Phrase grounding data —
# # # #

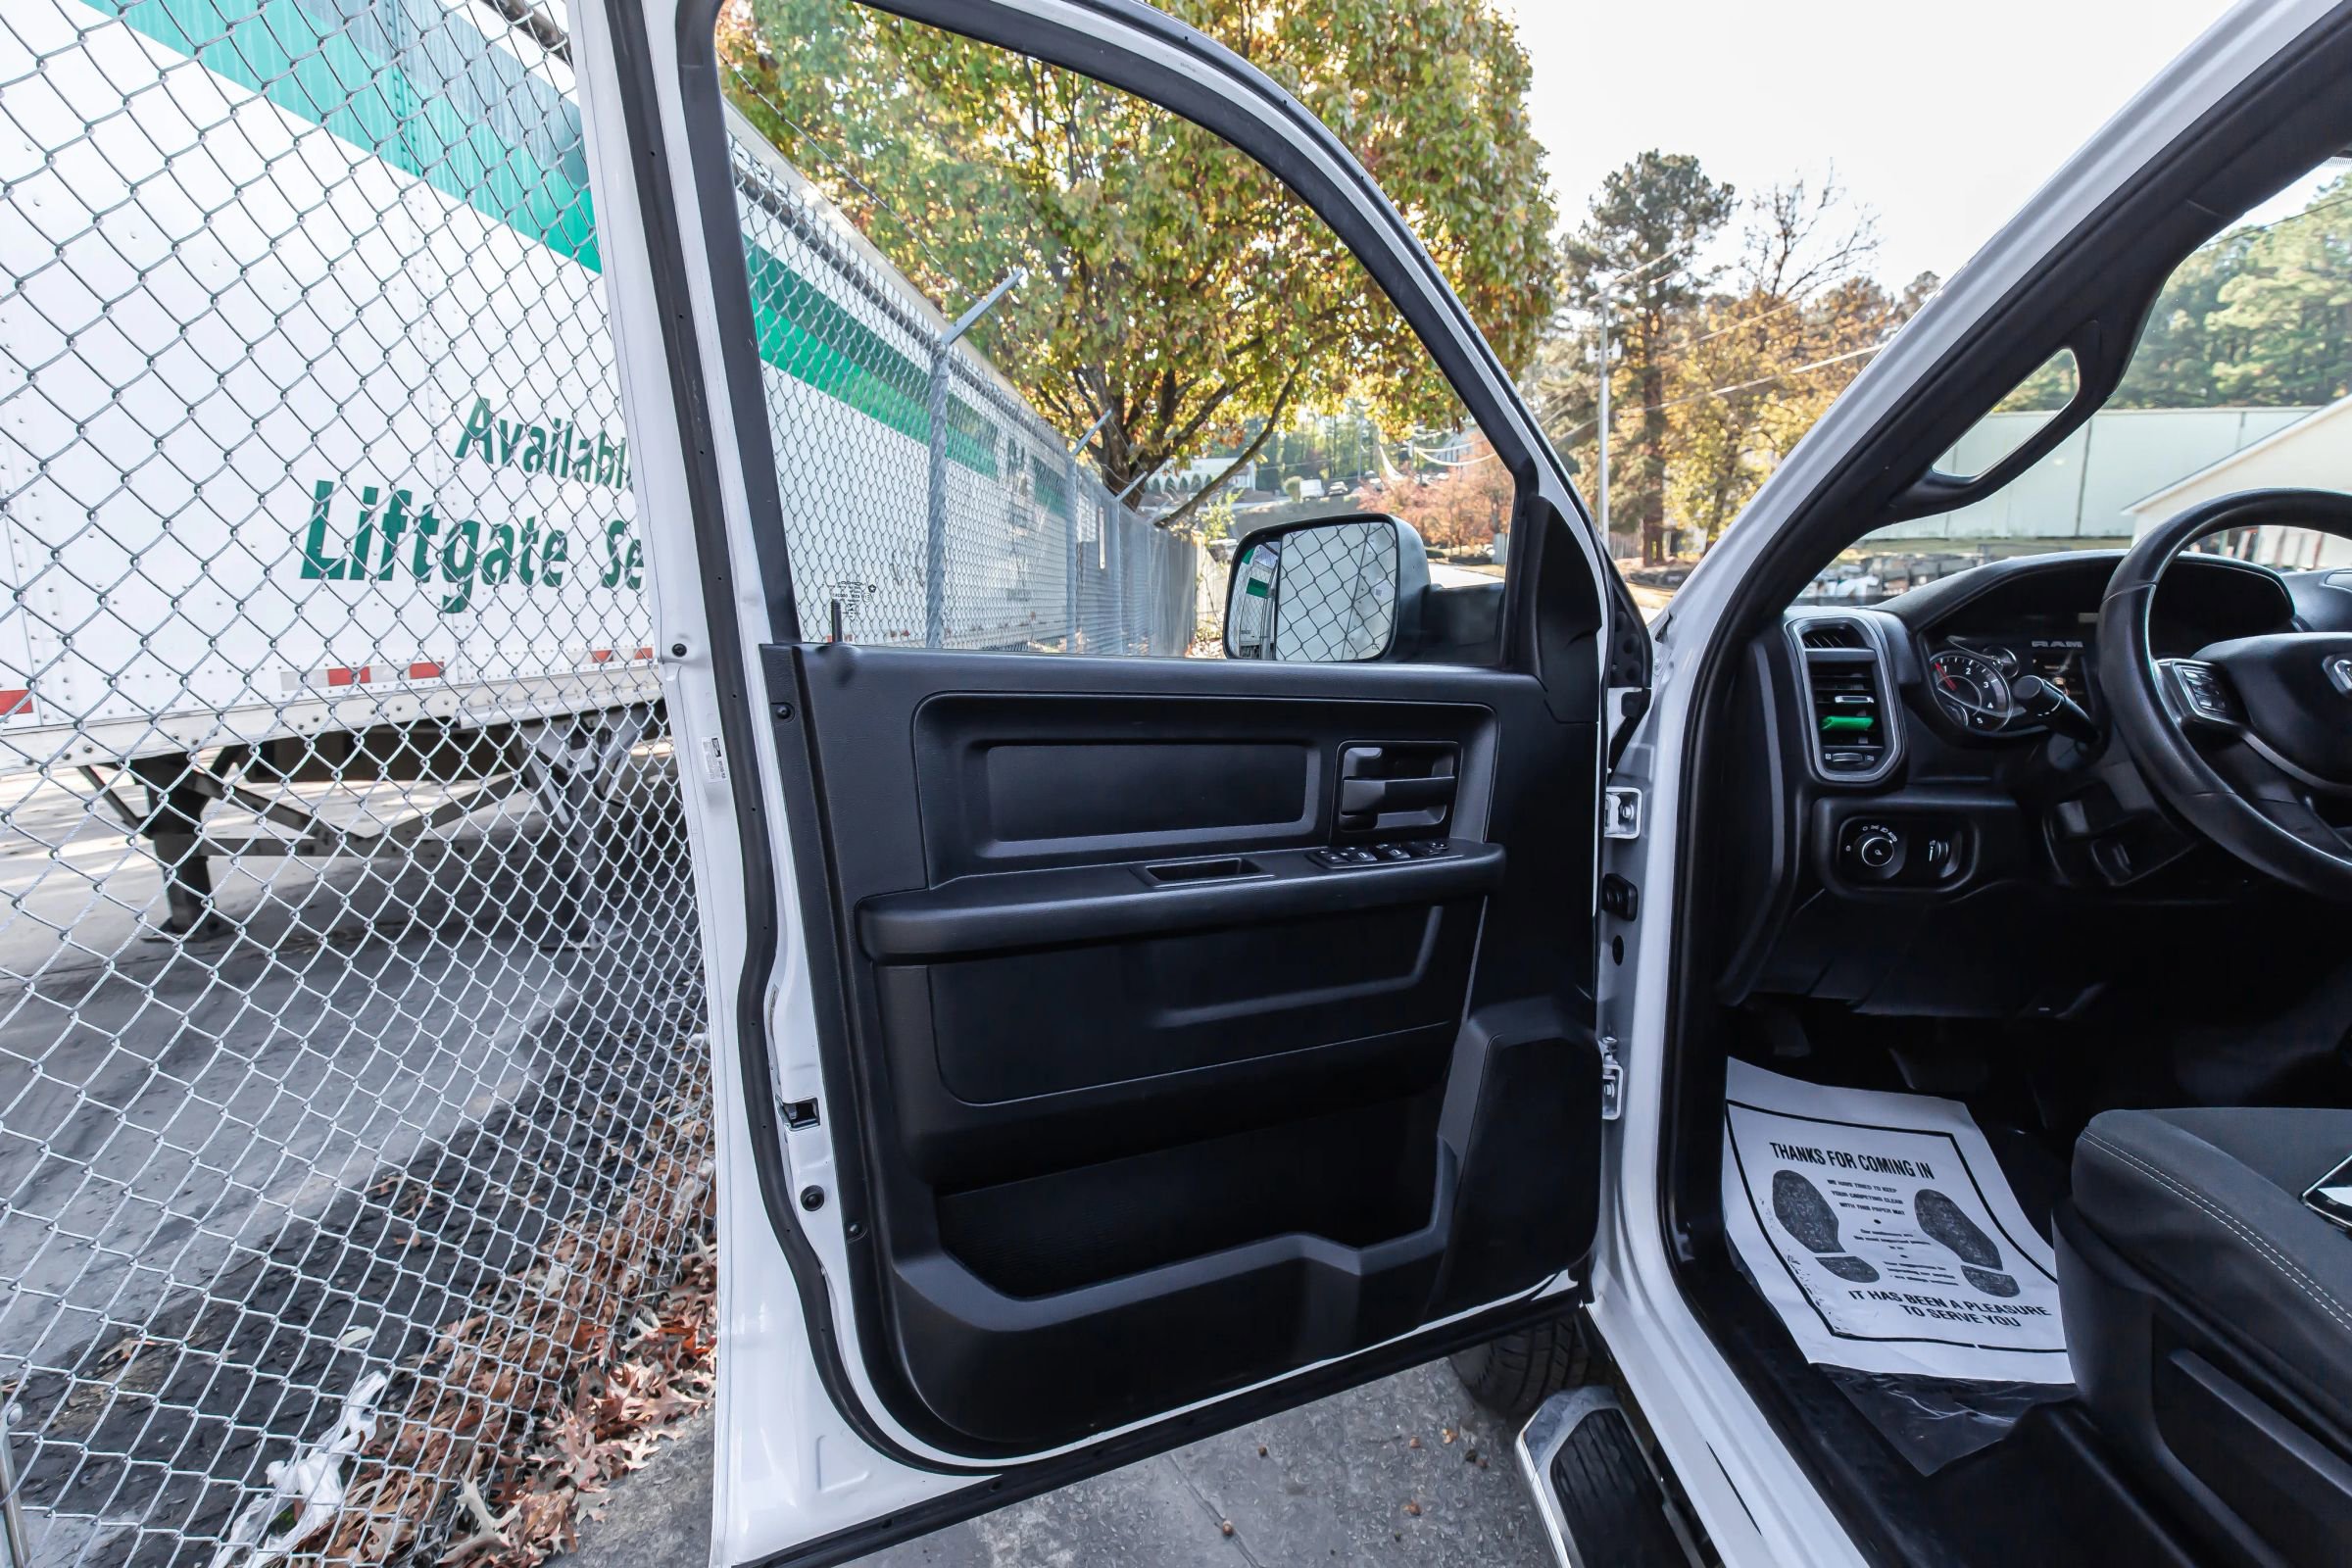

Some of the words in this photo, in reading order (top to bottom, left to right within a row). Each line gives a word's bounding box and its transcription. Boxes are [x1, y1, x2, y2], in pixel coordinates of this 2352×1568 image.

[454, 396, 634, 494] Availabl
[300, 479, 568, 613] Liftgate
[1769, 1142, 1826, 1165] THANKS
[1826, 1150, 1857, 1169] FOR
[1858, 1154, 1915, 1177] COMING
[1915, 1161, 1936, 1180] IN
[1848, 1290, 1865, 1300] IT
[1867, 1290, 1903, 1302] HAS
[1903, 1294, 1949, 1308] BEEN
[1949, 1299, 1961, 1309] A
[1962, 1300, 2052, 1316] PLEASURE
[1899, 1304, 1926, 1317] TO
[1927, 1308, 1984, 1324] SERVE
[1982, 1314, 2022, 1327] YOU

# # # #

EXERCISE INSTRUCTIONS —
The answer must reproduce every line of the records above exactly, with all pictures left out.

SOLUTION TO THIS PROBLEM —
Some of the words in this photo, in reading order (top to bottom, left to right within a row). Each line gives a word's bounding box and its transcription. Boxes are [x1, y1, x2, y2], in pixel coordinates of this 2352×1568 image.

[454, 396, 634, 494] Availabl
[300, 479, 568, 613] Liftgate
[1769, 1142, 1826, 1165] THANKS
[1826, 1150, 1857, 1169] FOR
[1858, 1154, 1915, 1177] COMING
[1915, 1161, 1936, 1180] IN
[1848, 1290, 1865, 1300] IT
[1867, 1290, 1903, 1302] HAS
[1903, 1294, 1949, 1308] BEEN
[1949, 1299, 1961, 1309] A
[1962, 1300, 2052, 1316] PLEASURE
[1899, 1304, 1926, 1317] TO
[1927, 1308, 1984, 1324] SERVE
[1982, 1314, 2022, 1327] YOU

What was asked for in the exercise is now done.